The foundation studies 16 different measures, delving into economic well-being, health care, education, and family and community issues as indicators of how safe it is to be a child.
South Carolina has never ranked higher than 42nd since the foundation launched the Kids Count project in 1990.
“I’m encouraged that we are moving up,” said Melissa Strompolis of Children’s Trust of South Carolina. “But I’m not sure I would call these very significant improvements. I would call them promising improvements, but we still have a lot of work to do.”
South Carolina was one of five states that made gains in the annual ranking, according to Children’s Trust, thanks largely to improvements in child health outcomes. The largest gain was made in children’s access to health care. Only 7 percent of South Carolina children lack health insurance, which is on par with the national average and down from 13 percent in 2008. Strompolis credits improvements in access to health care to the Affordable Care Act.
The percentage of low-weight babies also dropped — from 9.9 percent to 9.7 percent — as did the percentage of teens who abuse alcohol or drugs — from 7 percent to 6 percent. Child and teen deaths are down from 35 per 100,000 in 2008 to 26 per 100,000 in 2013. The teen birth rate in South Carolina also has fallen — from 51 per 1,000 in 2008 to 32 per 1,000 in 2013.
But South Carolina continues to lag behind the rest of the country according to other indicators. In education, where the state ranks 43rd nationally, statistics show the majority of children here are underperforming. Across the Palmetto State, 72 percent of fourth-graders are not proficient in reading, 69 percent of eighth-graders are not proficient in math and 59 percent of children are not attending preschool. Meanwhile, 28 percent of high school students are not graduating on time.
The statistics are even more alarming for children of color. Only 13 percent of African-American fourth- and eighth-graders are proficient in reading and math. And more than one-third of black students aren’t graduating from high school in four years.
These outcomes in health and education are intertwined with poverty, said Lisa Kirchner, CEO of FamilyCorps in North Charleston, and contribute to South Carolina’s low place in the yearly ranking. According to Kids Count, 27 percent of South Carolina children, or more than one in four, live in poverty. The number of children living in high-poverty areas increased from 12 during 2006-2010 to 15 percent during 2009-2013. Meanwhile, 31 percent of children have parents who lack secure employment and 42 percent live in single-parent families.

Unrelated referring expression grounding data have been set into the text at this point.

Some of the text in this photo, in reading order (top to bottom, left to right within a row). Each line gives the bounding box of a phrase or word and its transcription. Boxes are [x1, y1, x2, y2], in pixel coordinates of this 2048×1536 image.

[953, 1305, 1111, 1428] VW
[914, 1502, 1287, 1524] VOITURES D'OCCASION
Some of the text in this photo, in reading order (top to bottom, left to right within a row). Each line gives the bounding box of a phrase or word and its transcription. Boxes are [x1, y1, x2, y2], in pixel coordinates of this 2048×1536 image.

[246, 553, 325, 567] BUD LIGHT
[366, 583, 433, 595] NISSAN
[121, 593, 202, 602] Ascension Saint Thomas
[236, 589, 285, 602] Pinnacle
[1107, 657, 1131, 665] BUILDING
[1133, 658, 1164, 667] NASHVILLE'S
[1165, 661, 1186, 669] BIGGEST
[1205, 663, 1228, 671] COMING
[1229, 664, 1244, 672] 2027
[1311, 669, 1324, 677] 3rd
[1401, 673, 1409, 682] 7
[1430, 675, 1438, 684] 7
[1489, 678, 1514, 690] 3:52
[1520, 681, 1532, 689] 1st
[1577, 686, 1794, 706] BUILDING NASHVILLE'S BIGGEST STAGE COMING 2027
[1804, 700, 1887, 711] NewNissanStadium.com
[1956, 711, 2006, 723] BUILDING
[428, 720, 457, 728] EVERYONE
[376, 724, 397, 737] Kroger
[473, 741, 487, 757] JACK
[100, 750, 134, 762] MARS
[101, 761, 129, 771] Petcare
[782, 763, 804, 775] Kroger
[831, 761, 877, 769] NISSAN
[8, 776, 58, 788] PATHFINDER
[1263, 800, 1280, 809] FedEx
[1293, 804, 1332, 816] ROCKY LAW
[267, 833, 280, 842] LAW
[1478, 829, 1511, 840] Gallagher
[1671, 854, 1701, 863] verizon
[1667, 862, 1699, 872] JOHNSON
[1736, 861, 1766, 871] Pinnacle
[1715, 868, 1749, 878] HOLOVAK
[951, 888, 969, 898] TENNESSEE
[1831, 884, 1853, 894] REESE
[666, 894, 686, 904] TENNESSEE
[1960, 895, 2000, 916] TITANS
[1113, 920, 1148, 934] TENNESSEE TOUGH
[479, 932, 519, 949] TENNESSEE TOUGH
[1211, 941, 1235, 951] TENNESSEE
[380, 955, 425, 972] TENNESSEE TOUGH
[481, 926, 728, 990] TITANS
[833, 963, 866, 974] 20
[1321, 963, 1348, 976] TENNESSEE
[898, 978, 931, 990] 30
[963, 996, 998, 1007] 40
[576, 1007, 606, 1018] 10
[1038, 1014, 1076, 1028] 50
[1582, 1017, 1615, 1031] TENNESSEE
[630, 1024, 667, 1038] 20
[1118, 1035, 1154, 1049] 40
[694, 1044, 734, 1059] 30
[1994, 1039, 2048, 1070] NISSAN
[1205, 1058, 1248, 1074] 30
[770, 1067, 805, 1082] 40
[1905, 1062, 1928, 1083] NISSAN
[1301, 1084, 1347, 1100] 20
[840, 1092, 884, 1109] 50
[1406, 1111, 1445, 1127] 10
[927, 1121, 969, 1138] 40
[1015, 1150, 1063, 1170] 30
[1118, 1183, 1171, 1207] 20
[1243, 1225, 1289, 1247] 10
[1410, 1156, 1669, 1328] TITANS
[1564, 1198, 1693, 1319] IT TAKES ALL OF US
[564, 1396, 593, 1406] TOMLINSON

“The root causes of poverty are linked to lack of education, lack of jobs, lack of jobs paying livable wages, which is a huge stressor for a family,” she said. “People can’t work when they’re not healthy. That impacts productivity.”
The Kids Count ranking is based on 2013 data from the U.S. Census Bureau and American Community Survey. The top five states in the ranking in overall child well-being are Minnesota, New Hampshire, Massachusetts, Iowa and Vermont. The five states at the bottom are Arizona, Nevada, Louisiana, New Mexico and Mississippi, which has ranked last every year, except 2013, when New Mexico dropped to 50th.